Il Lugano non si dimentichi di quanto è bello avere sempre fame

LUGANO – Quando è scoccato il 60’ di Gara 4, il pubblico della Resega ha esultato come non faceva da tempo immemore, ma poi, tra le strette di mano dei giocatori e i richiami sul ghiaccio, l’atmosfera si è fatta di euforia mista a incredulità, quasi che i tifosi non sapessero più cosa provare in quei momenti.

È vero, è “solo” una semifinale raggiunta, ma le frustrazioni, i bocconi amari e legnosi, le illusioni e le arrabbiature trangugiate negli anni successivi al titolo del 2006 sono state veramente troppe. Questa gioia quindi non è solo conseguenza del risultato in se, ma va ben oltre, e tocca quella consapevolezza che finalmente il Lugano ha trovato una nuova via da percorrere, e sembra stavolta a tutti gli effetti una via sicura.

Dopo la politica dei tutti giovani, degli stranieri sconosciuti, degli operai, l’indimenticabile “cultura dell’eccellenza” (virgolettato perché ancora oggi fa rabbrividire e non ce ne assumiamo la responsabilità) l’ammucchiata di allenatori, salvatori, santoni, guru, esordienti e comprimari, il Lugano ha trovato una guida salda e con le idee in chiaro.

Il bivio decisivo, in quell’ormai lontano 22 ottobre, è stato ancora una volta doloroso, forse più di tutti gli altri, dopo aver dovuto riporre in soffitta il sogno di un allenatore giovane sopraffatto dalla sua stessa creatura che non era in grado di dominare.

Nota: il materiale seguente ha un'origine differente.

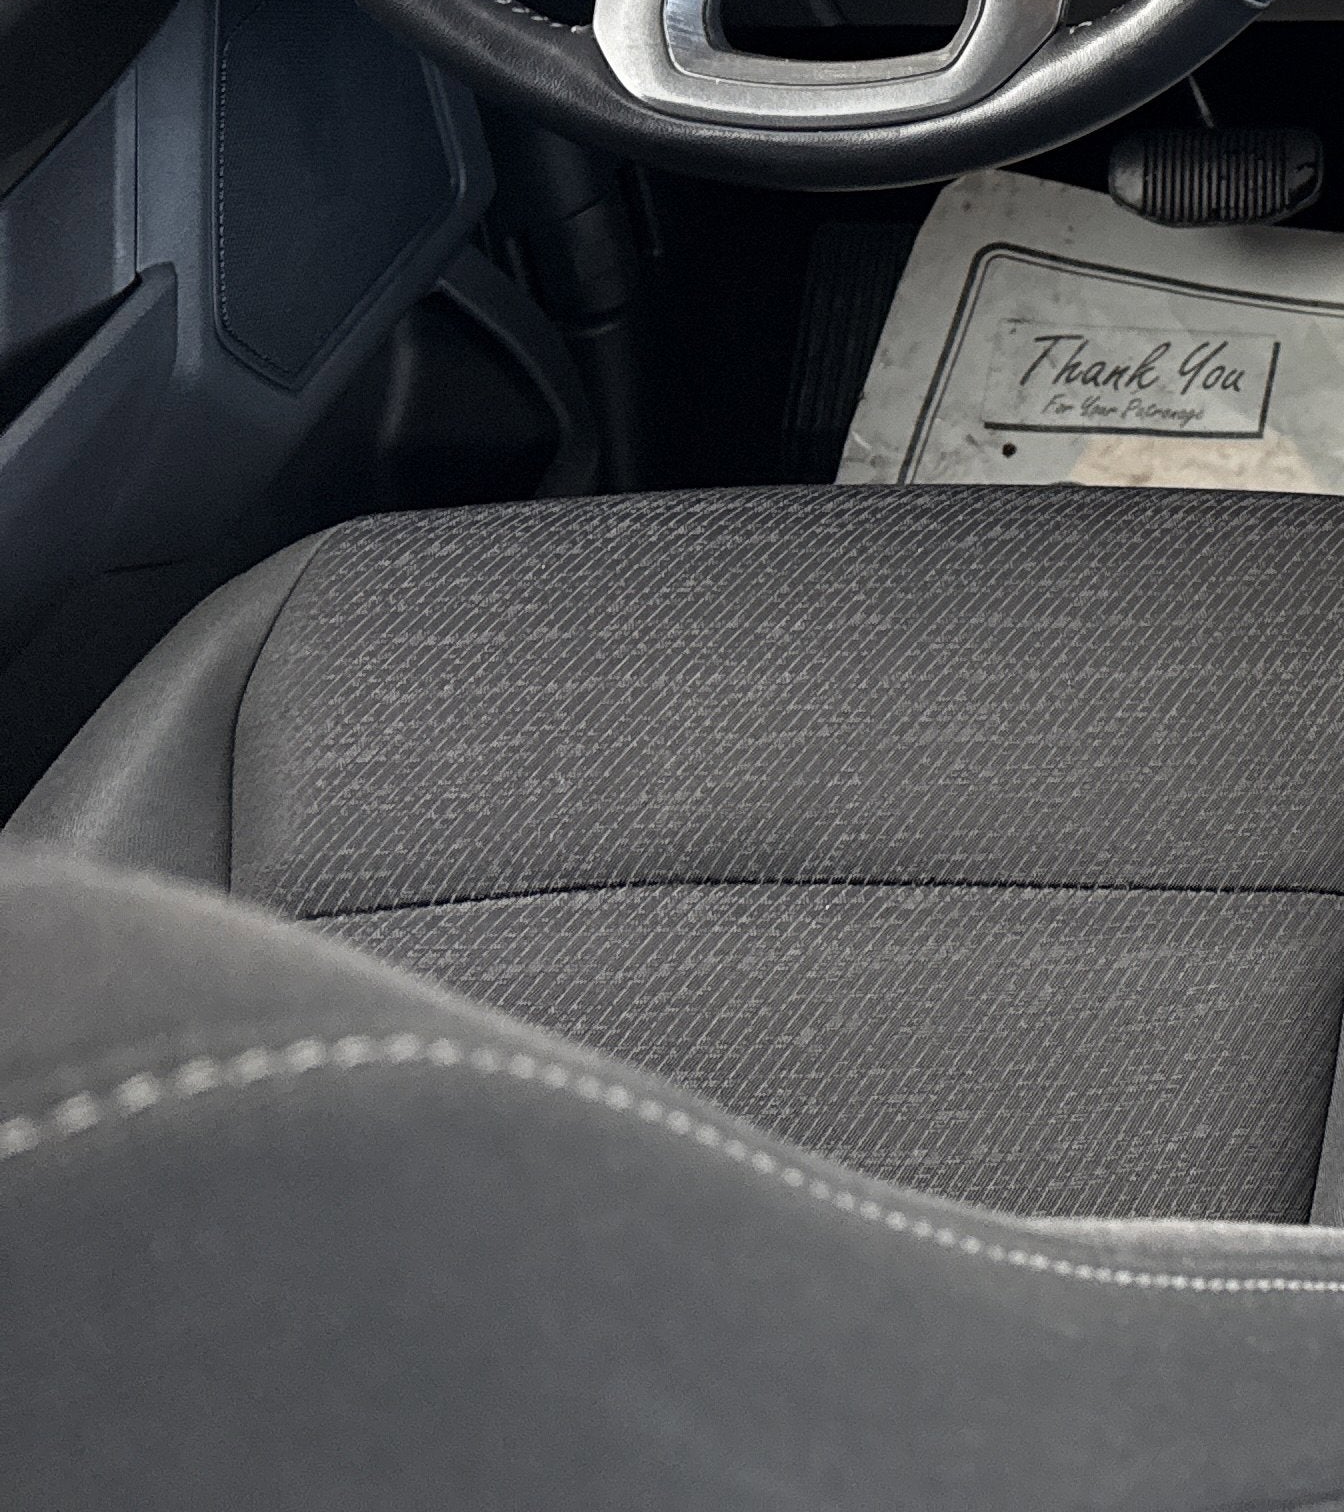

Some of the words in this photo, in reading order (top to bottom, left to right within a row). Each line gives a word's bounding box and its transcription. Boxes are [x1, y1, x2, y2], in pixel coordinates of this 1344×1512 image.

Ma a volte da una storia finita male ne nascono due destinate ad avere un futuro migliore (ce lo si augura anche per la Nazionale di Fischer) e quella tra Shedden e il club bianconero sta già dando dei dolci e gustosi frutti. In autunno puntare sull’ex coach dello Zugo fu una scelta intelligente, e oggi si dimostra azzeccata in pieno, probabilmente la migliore che si potesse fare.

Su quella squadra allo sbando ne furono dette di ogni, persino l’epurato Fischer la definì “costruita male”, con stranieri poco dediti al sacrificio, svizzeri poco amalgamati, poco carattere e disciplina, insomma ognuno aveva la sua causa per spiegare la malattia.

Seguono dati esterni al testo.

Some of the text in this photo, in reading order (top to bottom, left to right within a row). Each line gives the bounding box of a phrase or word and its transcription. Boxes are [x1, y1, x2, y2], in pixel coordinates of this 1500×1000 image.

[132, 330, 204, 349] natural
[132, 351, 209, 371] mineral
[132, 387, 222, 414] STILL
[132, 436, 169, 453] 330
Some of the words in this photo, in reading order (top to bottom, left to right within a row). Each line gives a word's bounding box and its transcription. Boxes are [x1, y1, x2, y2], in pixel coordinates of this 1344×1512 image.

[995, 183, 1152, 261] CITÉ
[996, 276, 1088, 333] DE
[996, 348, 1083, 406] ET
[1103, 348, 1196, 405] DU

Anche Shedden l’aveva, ed era un’idea ben chiara: “Questa squadra deve ritrovare la passione di stare sul ghiaccio ogni giorno”, una parola tanto semplice quanto fondamentale nello sport, la passione, e in questi playoff la diagnosi del dottor Shedden si dimostra quella giusta.

Un esempio più di tutti calza a pennello per questa squadra, quello di Linus Klasen. Chi si ricorda di quel giocatore sempre produttivo ma anche rabbuiato, freddo e spesso distaccato avrà notato la differenza con quello attuale, che al 60’ di gara 4 si è fiondato sul ghiaccio a saltellare come un bambino, senza contare le soffocanti esultanze con i compagni sulle reti di Hofmann, Ulmer e Brunner.

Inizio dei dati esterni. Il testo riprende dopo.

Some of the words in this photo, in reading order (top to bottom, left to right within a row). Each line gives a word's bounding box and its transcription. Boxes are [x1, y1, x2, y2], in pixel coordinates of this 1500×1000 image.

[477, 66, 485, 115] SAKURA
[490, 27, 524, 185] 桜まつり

Lui che mai prima d’ora al 57’ di una gara di playoff si sarebbe spinto fino in fondo alle assi per recuperare un disco che nel 99% dei casi sarebbe finito fuori dal terzo, invece lo ha fatto dimostrando di sapersi mettere al servizio degli altri anche dove fa più male.

Mai nessuno avrebbe potuto immaginare che il Lugano facesse fuori lo Zugo in sole 4 partite, ma quello che si è visto sul ghiaccio giustifica anche il più clamoroso dei risultati. Il Lugano si è trasformato in quelle squadre che tanto avevano fatto male in passato proprio ai bianconeri, fatte di determinazione, forza, classe e spirito di gruppo fino al dolore, mentre lo Zugo si è trasformato nel Lugano del passato, incapace di reagire di fronte a tanta forza.

Shedden ha vinto su ogni fronte lo scontro tattico con Kreis, anticipandolo in ogni campo e battendolo sulla scacchiera in sole 4 mosse. Dall’intuizione di Lapierre – il miglior interprete dello spirito da playoff mai visto da anni, una bestia – al reinserimento in corsa di Brunner e Hofmann, il cambiamento di gioco in power play alla solidità dei box play, tutto.

Mentre Kreis sull’altro fronte dava segnali di disperazione togliendo Sondell per l’impalpabile Rapuzzi, un cambiamento decisamente troppo lieve per una squadra con l’acqua alla gola. Shedden ha dominato perché conosce la sua squadra ma conosce anche lo Zugo, facendo scaturire dalla bocca di un tifoso dei tori dopo gara 3 la frase più emblematica: “Der EVZ gehört noch ihm”, ossia, “lo Zugo è ancora suo”.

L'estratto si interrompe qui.